[Phrase grounding data]
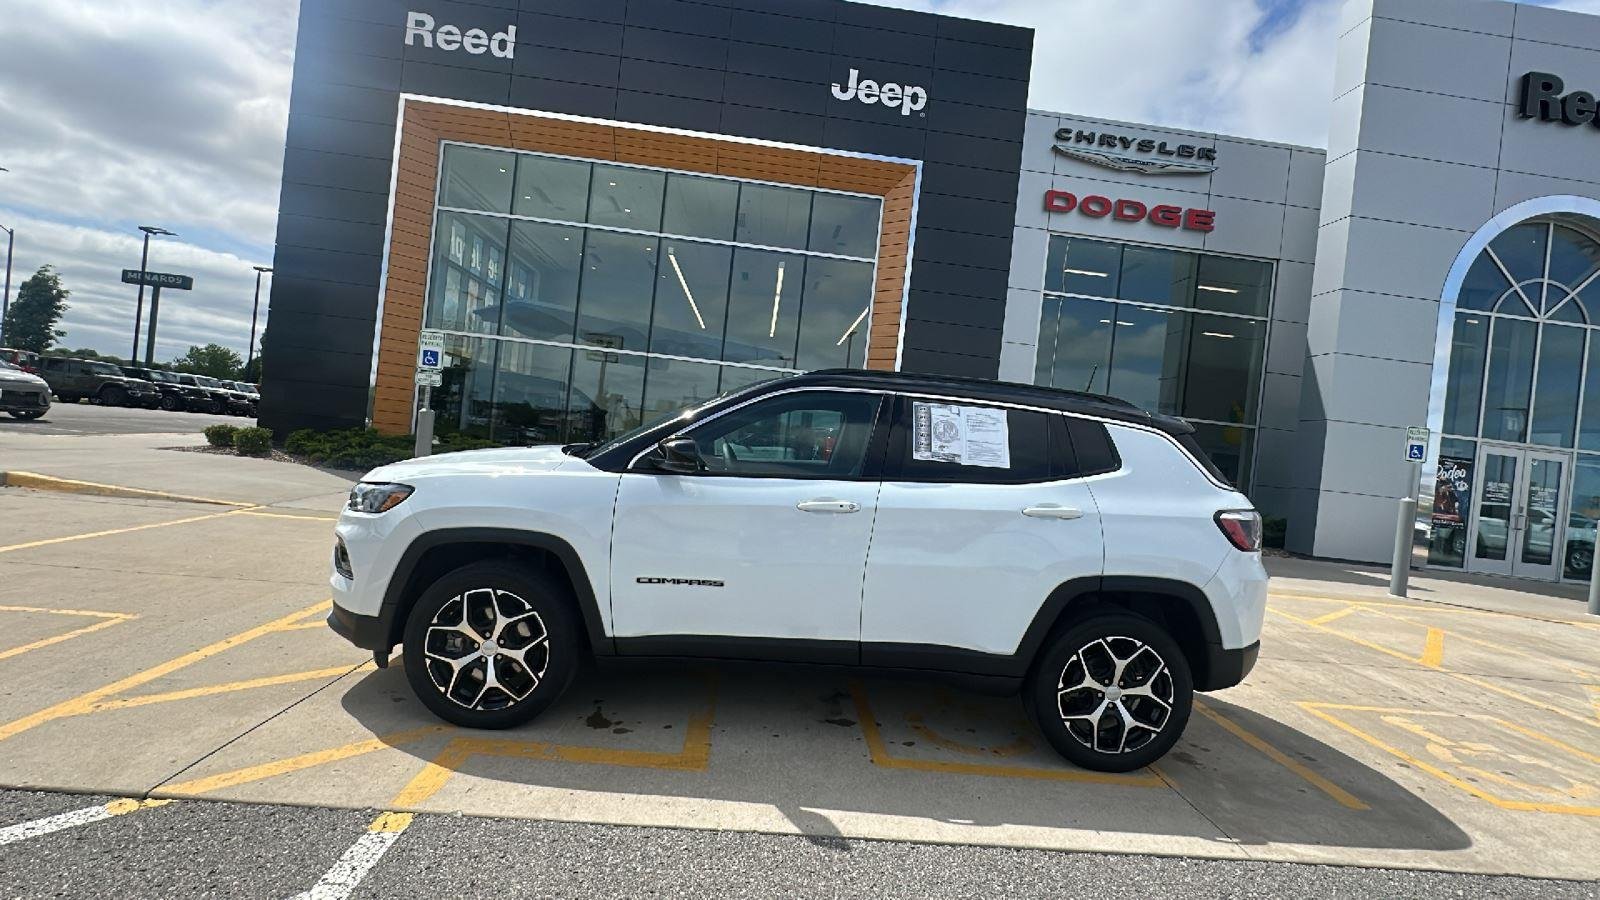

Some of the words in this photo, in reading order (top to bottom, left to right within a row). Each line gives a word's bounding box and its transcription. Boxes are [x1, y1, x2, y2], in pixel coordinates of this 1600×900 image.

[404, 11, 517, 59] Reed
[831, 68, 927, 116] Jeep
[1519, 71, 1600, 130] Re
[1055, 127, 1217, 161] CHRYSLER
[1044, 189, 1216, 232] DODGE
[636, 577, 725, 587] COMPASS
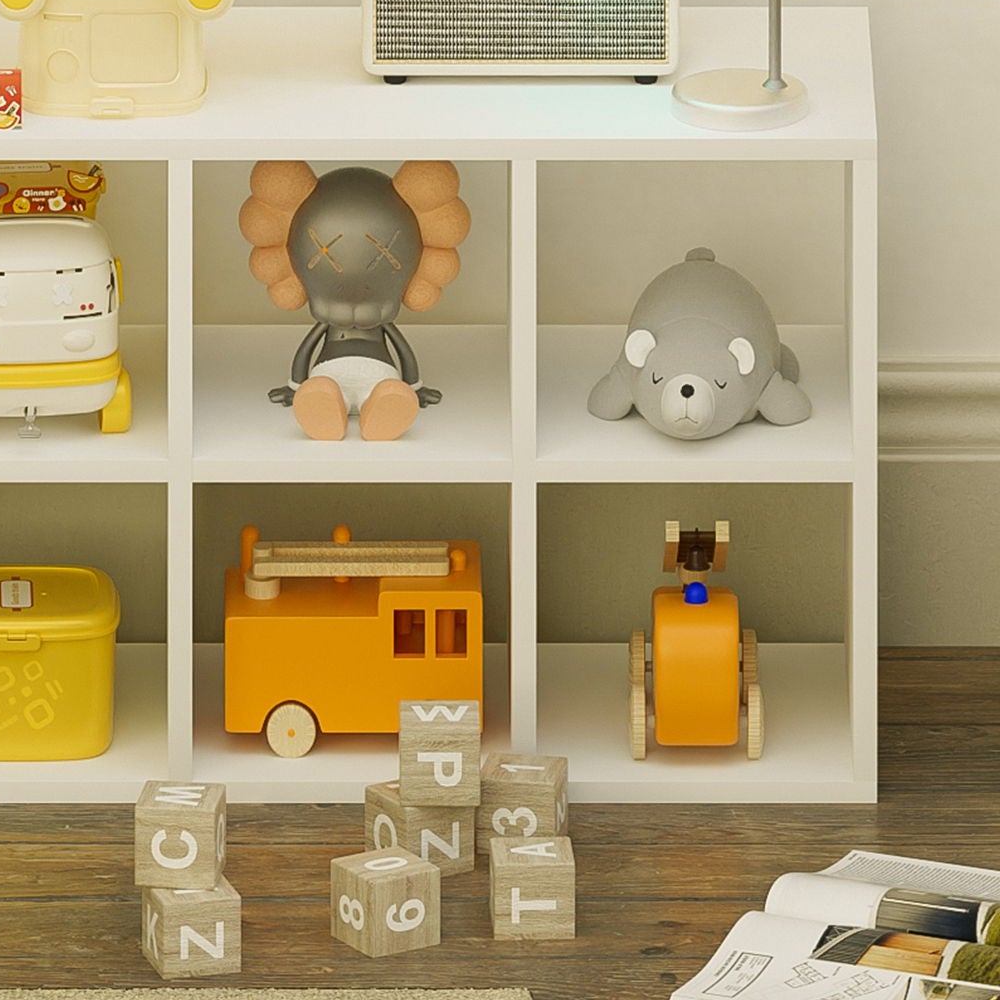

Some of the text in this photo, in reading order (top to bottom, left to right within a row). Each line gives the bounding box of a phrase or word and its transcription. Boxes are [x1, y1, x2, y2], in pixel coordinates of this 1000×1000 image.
==
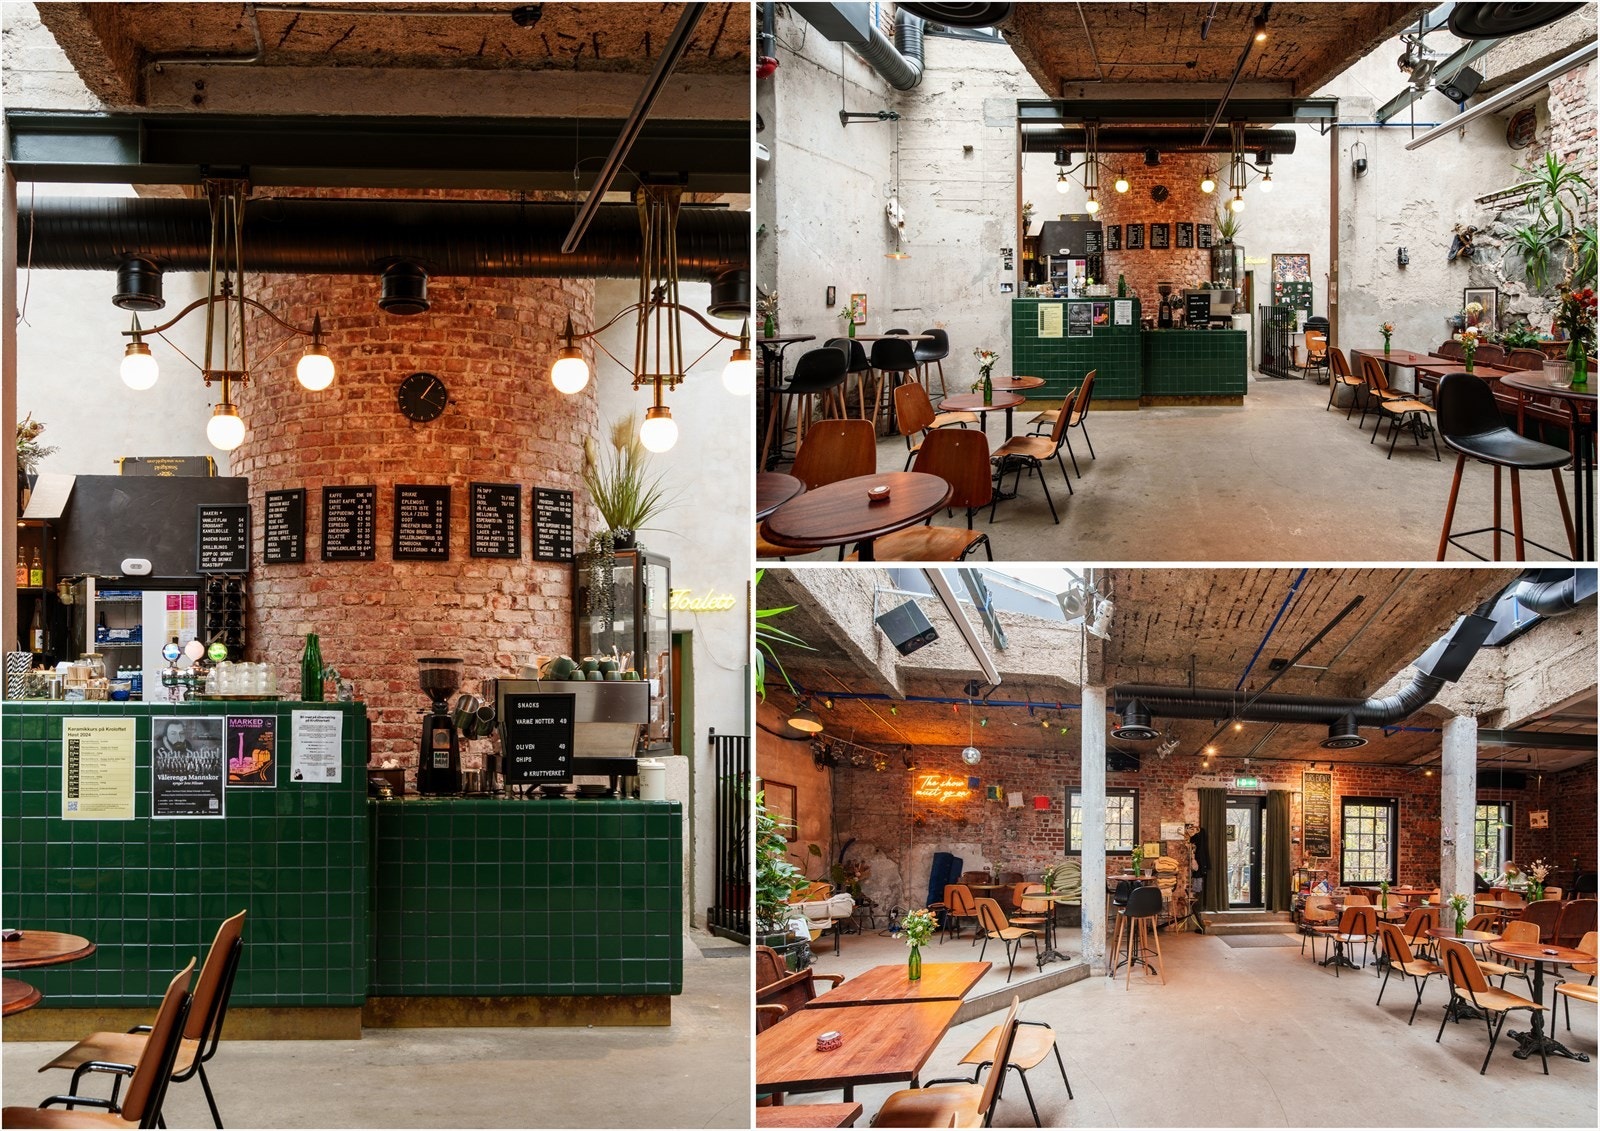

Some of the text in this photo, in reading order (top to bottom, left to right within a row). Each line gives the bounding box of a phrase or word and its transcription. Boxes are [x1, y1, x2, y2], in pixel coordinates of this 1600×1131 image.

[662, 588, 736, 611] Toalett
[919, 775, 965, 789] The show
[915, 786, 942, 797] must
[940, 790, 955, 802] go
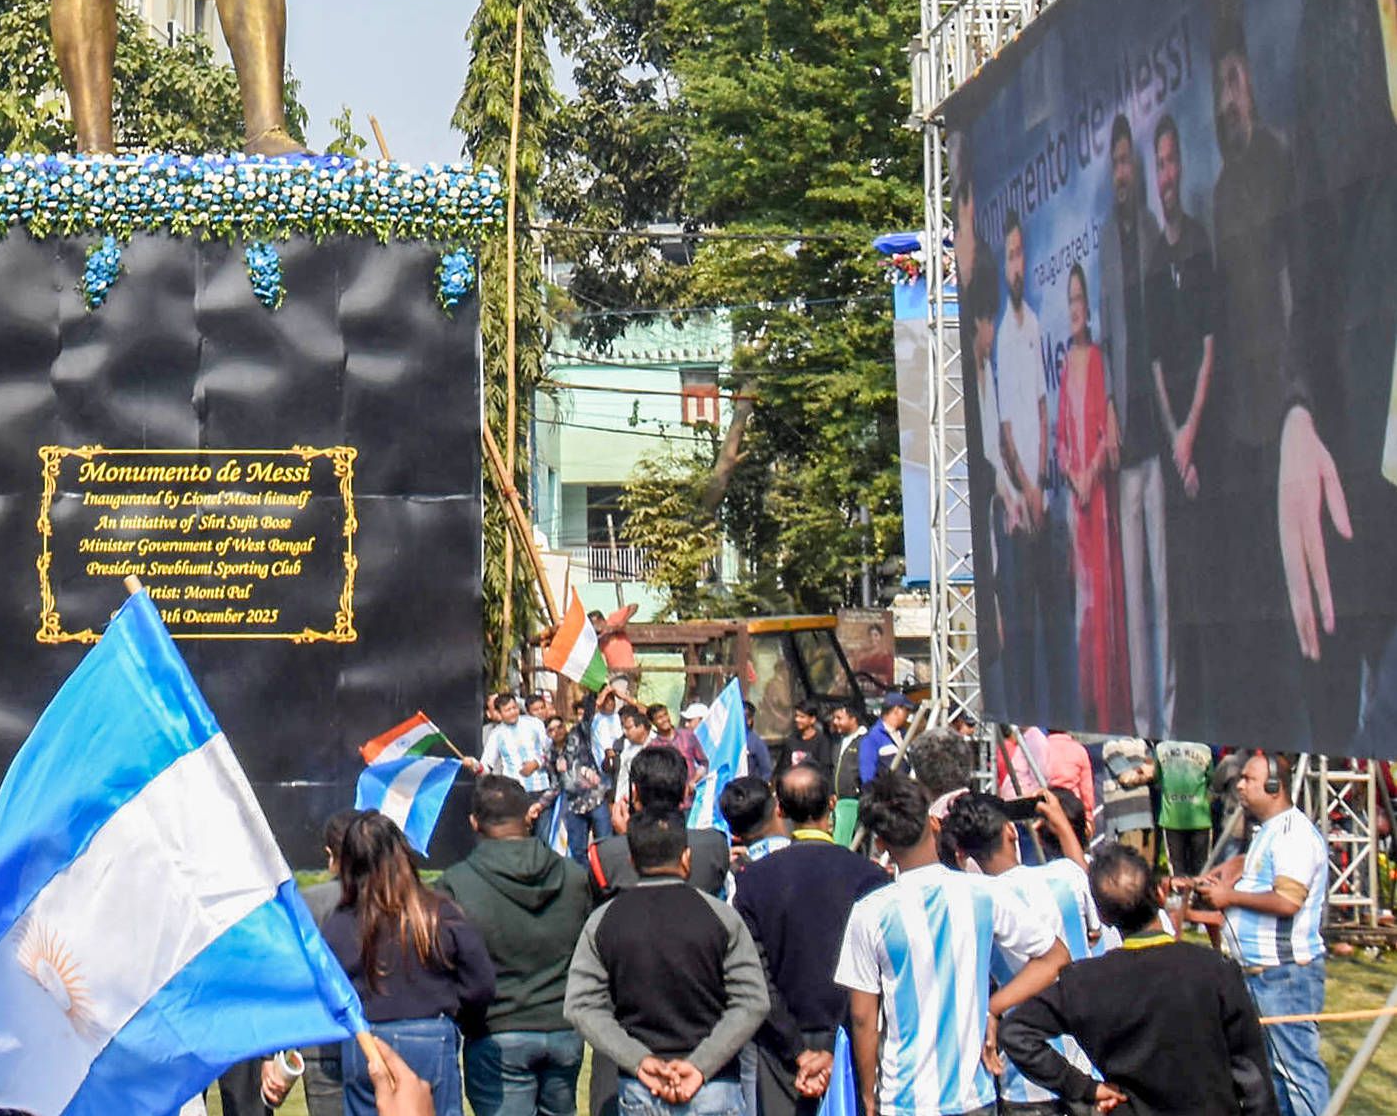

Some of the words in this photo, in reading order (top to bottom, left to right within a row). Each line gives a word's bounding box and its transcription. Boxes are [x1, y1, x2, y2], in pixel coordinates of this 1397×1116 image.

**REQUIREMENT:** Copy word for word the span of the records above that begins at the line with "this 1600×900 image." and ends at the line with "this 1000×1000 image.", including those two lines but not the pictures.

**TASK RESULT:**
Some of the words in this photo, in reading order (top to bottom, left to right within a row). Each line gives a word's bounding box and its transcription. Boxes are [x1, y1, x2, y2], in pixel coordinates of this 1600×900 image.

[404, 11, 517, 59] Reed
[831, 68, 927, 116] Jeep
[1519, 71, 1600, 130] Re
[1055, 127, 1217, 161] CHRYSLER
[1044, 189, 1216, 232] DODGE
[636, 577, 725, 587] COMPASS

Some of the text in this photo, in reading order (top to bottom, left to right within a row). Each line gives the bounding box of a phrase or word and its transcription. Boxes are [x1, y1, x2, y2], in pixel coordinates of this 1000×1000 image.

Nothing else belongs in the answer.